Вообще я грозы не боюсь. Вернее, боюсь, но не за себя. Понимаешь ведь с возрастом, что страшна не сама смерть, а страшны муки перед смертью. От грозы же смерть — самая легкая: стукнет тебя невзначай, а как — не успеешь почувствовать. Переживаю за близких своих, за постройку, которая стольких трудов стоила, за скотину, что в открытом поле. Но в прошлом году, помню, перепугался ни с того ни с сего именно за себя, грешного.
Рубил я сосну в бору. Дело не воровское — законное, потому что лес у меня был выписан и бумаги лежали дома, вместе с документами. То есть с этой стороны страха никакого. И с той стороны, что, дескать, гублю живое дерево, тоже вроде бы никаких угрызений. Мало ли, плотничая долгие годы, я лесу потратил!
Но тут что-то засвербило в душе. Хотя не сразу. Высмотрел сперва, куда валить, сделал надруб у самых корней, поплевал на руки да застучал с другой стороны, повыше надруба, чтоб не пошла сосна вспять. А дерево смолистое, вместе со щепой брызги по сторонам из-под топора. Достали брызги и до лица. Облизнулся — сладко. Глянул вверх — шапка валится, до того сосна высока да стройна, а крона на самой верхушке. Экие насосы, подумал, надо, чтоб на такую высоту сок подавать! Потюкал еще, но сила удара уже не та — то ли устал, то ли задумался. Как ни крути, а жалко по живому рубить. Она годов полста стоит. Каково было выжить, обогнать сверстниц! В нитку тянись, напрягайся изо всех сил, чтоб маковкой чувствовать солнце. Вытянулась — от ветров уберегись, от жучка-древоточца, от слепой молнии, да мало ли в природе напастей.
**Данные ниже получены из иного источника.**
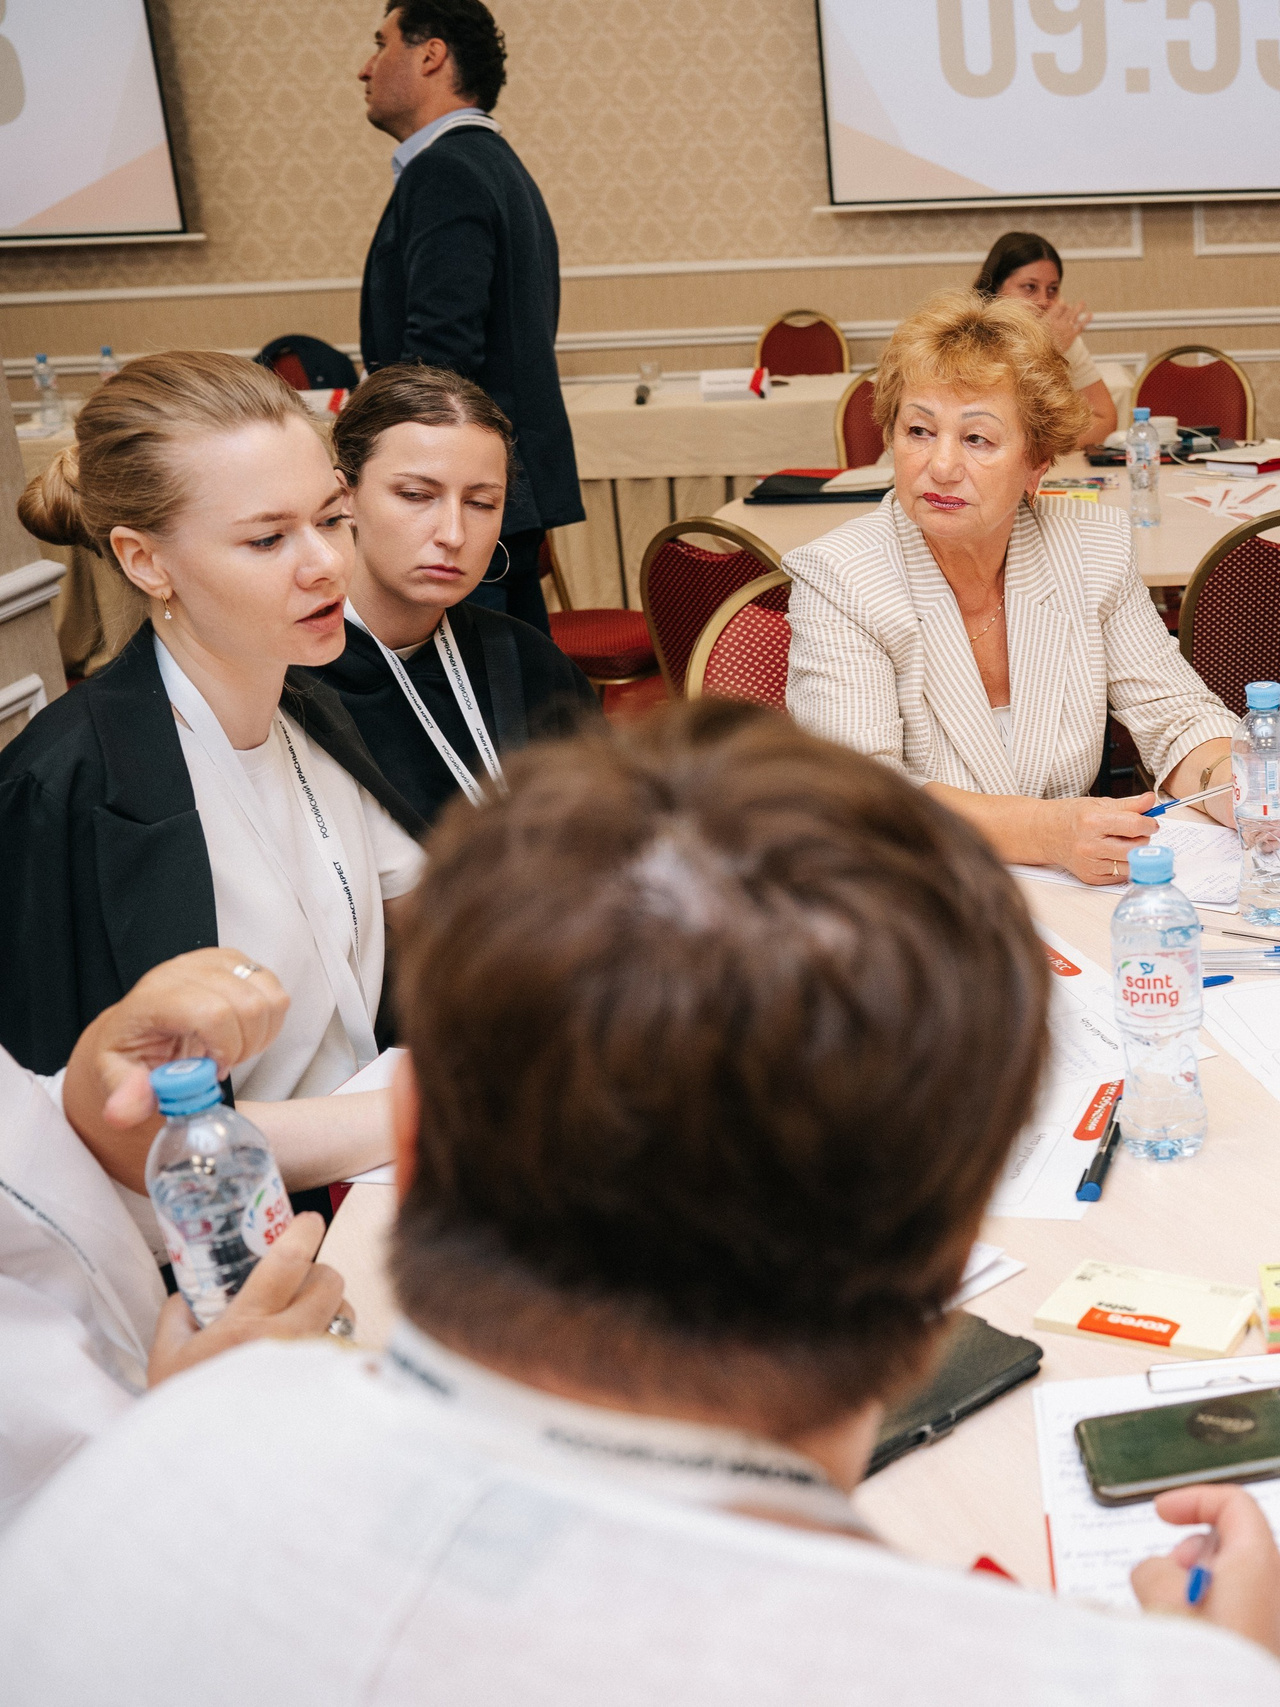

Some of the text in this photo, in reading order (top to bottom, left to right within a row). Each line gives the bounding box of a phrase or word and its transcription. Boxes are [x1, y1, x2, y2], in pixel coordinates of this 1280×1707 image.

От моего топора не убереглась.
Тюкнул я еще раз — вдруг как грохнет над головой, я и топор выронил. Глянул вверх — синяя туча над сосной, гроза зашла откуда ни возьмись. И такая на меня оторопь навалилась, что я тут же бросил свою затею, подхватил топор под мышку да пугливым шажком в деревню: думаю, только в родном доме уберегусь от небесного наказанья. Позади меня посверкивает, громыхает сердито, а спина моя помимо воли горбится, голова в плечи прячется, рубаха взмокла.
Сверкнуло и треснуло уж совсем рядом, специально, думаю, для меня, в следующий раз в аккурат накроет, не в меня самого, так к топору притянет. Бросил топор в кусты. А все равно до того страшно, что прощенья у господа бога я, некрещеный, просить готов.